Title: I Don’t Forgive You
Author: Aggie Blum Thompson
Publication date: June 8, 2021
Length: 384 pages
Source: Review copy courtesy of the publisher via NetGalley
An accomplished photographer and the devoted mom of an adorable little boy, Allie Ross has just moved to an upscale DC suburb, the kind of place where parenting feels like a competitive sport. Allie’s desperate to make a good first impression. Then she’s framed for murder.
It all starts at a neighborhood party when a local dad corners Allie and calls her by an old, forgotten nickname from her dark past. The next day, he is found dead.

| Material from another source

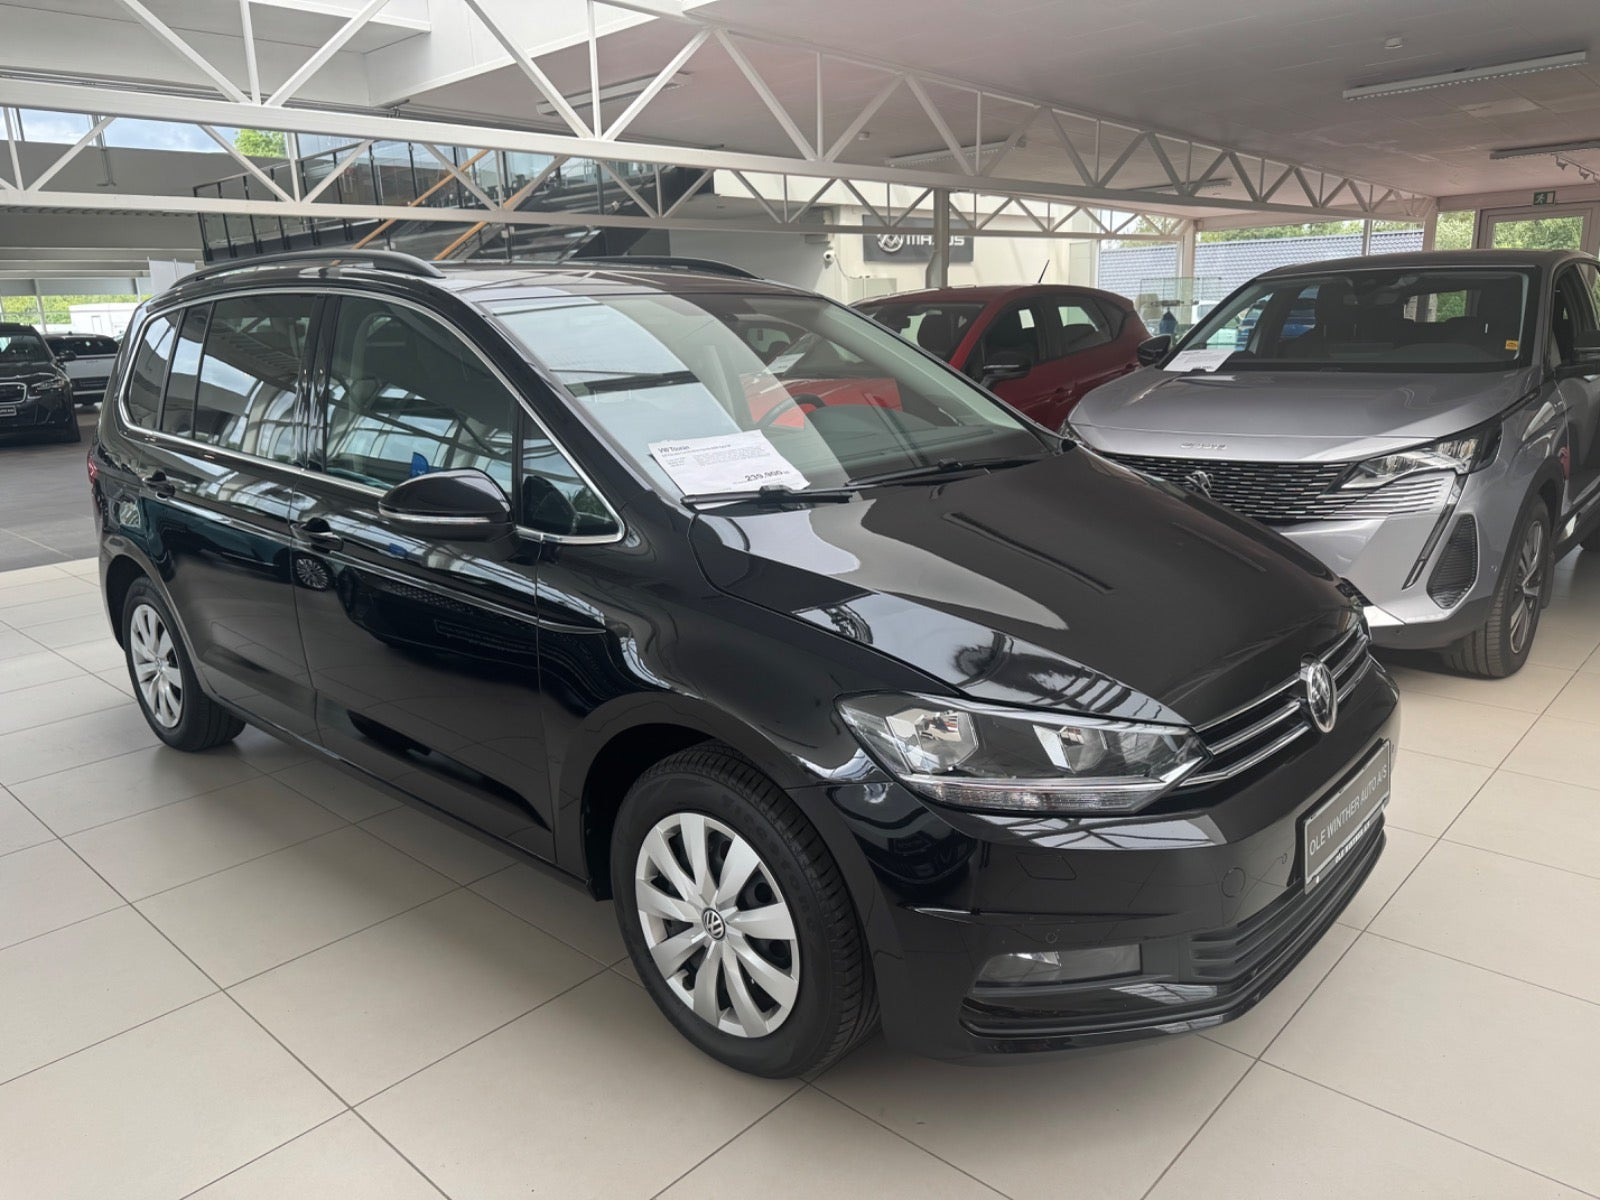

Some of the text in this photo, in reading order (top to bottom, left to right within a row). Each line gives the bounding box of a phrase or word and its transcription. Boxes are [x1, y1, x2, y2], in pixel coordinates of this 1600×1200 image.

[906, 234, 965, 246] MAS
[1309, 764, 1388, 856] OLE WINTHER AUTO A/S

Soon, the police are knocking at her door, grilling her about a supposed Tinder relationship with the man, and pulling up texts between them. She learns quickly that she’s been hacked and someone is impersonating her online. Her reputation–socially and professionally–is at stake; even her husband starts to doubt her. As the killer closes in, Allie must reach back into a past she vowed to forget in order to learn the shocking truth of who is destroying her life.

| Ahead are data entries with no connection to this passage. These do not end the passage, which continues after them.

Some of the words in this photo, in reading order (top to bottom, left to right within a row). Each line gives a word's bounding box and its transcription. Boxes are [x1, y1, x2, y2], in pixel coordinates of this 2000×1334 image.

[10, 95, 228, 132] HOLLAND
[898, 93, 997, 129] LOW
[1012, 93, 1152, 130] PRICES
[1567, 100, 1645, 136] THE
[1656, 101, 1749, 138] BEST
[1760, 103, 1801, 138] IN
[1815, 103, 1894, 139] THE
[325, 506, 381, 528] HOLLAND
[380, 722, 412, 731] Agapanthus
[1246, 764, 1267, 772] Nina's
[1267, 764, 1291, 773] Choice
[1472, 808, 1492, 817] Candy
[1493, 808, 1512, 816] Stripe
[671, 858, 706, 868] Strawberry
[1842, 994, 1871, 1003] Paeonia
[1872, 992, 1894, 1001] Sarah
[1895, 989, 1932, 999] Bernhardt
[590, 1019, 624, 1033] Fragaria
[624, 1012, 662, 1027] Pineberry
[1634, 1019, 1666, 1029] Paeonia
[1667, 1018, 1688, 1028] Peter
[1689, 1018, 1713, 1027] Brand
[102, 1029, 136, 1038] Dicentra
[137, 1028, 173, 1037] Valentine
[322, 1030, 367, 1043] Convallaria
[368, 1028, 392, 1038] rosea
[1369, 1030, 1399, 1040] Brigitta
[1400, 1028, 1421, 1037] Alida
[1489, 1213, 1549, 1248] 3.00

Allie is new to the close-knit, overly involved neighborhood when she attends a party that changes everything. The community is full of successful, highly ambitious people whose children all attend the same school. Everyone knows everything about everybody, and it’s cliquey and overwhelming to outsider Allie. After some mild flirting over a glass of wine, Allie finds herself cornered and assaulted in the bathroom, and leaves feeling shaken up and terribly worried about her future in the neighborhood.

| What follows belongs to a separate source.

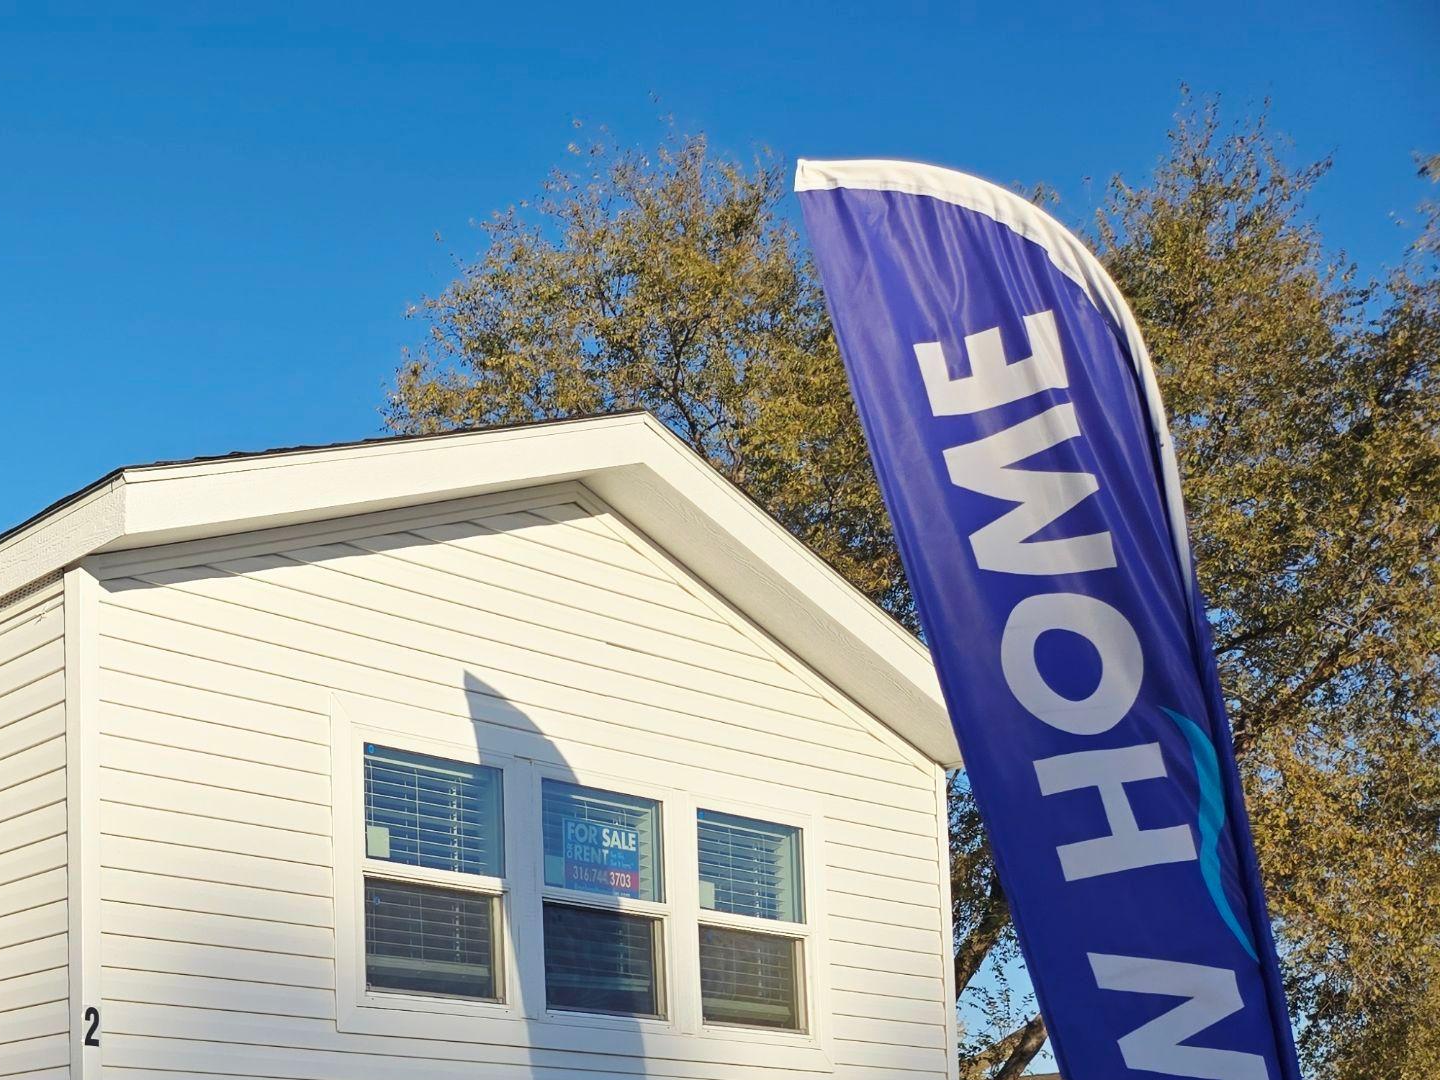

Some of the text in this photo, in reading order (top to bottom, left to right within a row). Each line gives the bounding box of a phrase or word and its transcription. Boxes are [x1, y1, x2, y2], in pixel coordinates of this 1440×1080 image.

[914, 309, 1198, 882] HOME
[567, 821, 636, 852] FOR SALE
[574, 844, 609, 865] RENT
[85, 1006, 99, 1047] 2

Among the neighborhood women, she has few allies, and when she decides to share her terrible experience with her closest neighbor, the word spreads that she’s accused the (now dead) man of assault. The crisis escalates as Allie discovers fake Tinder and Facebook accounts pretending to be her, causing horrible damage to her reputation, and soon leading even her husband to mistrust her.
Meanwhile, an old secret from Allie’s troubled past seems to be resurfacing, and to make matters worse, her mother and sister are entangled in problems as well. As the police start to zero in on Allie as a murder suspect, her panic worsens — there’s no one she can trust, and no one seems to believe that she’s been set up.
I Don’t Forgive You is a fast read, setting up the key conflict quickly and then piling up clues and suspicions left and right. There are lots of possible solutions to the question of who’s setting Allie up and why, and the plot intentionally plays up all the potential misdirections before finally revealing the answers.
The book kept my interest, although I’m not a huge fan of these types of suburban, gossipy neighbor thrillers. I couldn’t feel overly invested in the PTA drama, the judging women treating Allie horribly, or Allie’s own poor decision-making in times of crisis.
My big takeaway from this book is — stay off the internet! It’s like an object lesson in the dangers of identity theft and the value of cyber security. I think Allie’s awareness of online security protocols is probably pretty typical of most people — we assume passwords and firewalls are enough to keep us safe, and we tend to be blind to all the many, many ways people with bad intentions can mess with us.
I Don’t Forgive You is a good entertaining read. It didn’t particularly rise above average for me, but take that with a grain of salt, since thrillers in general aren’t usually my preferred genre. This would make a good summer read, a fun choice for reading in a beach chair or by the pool!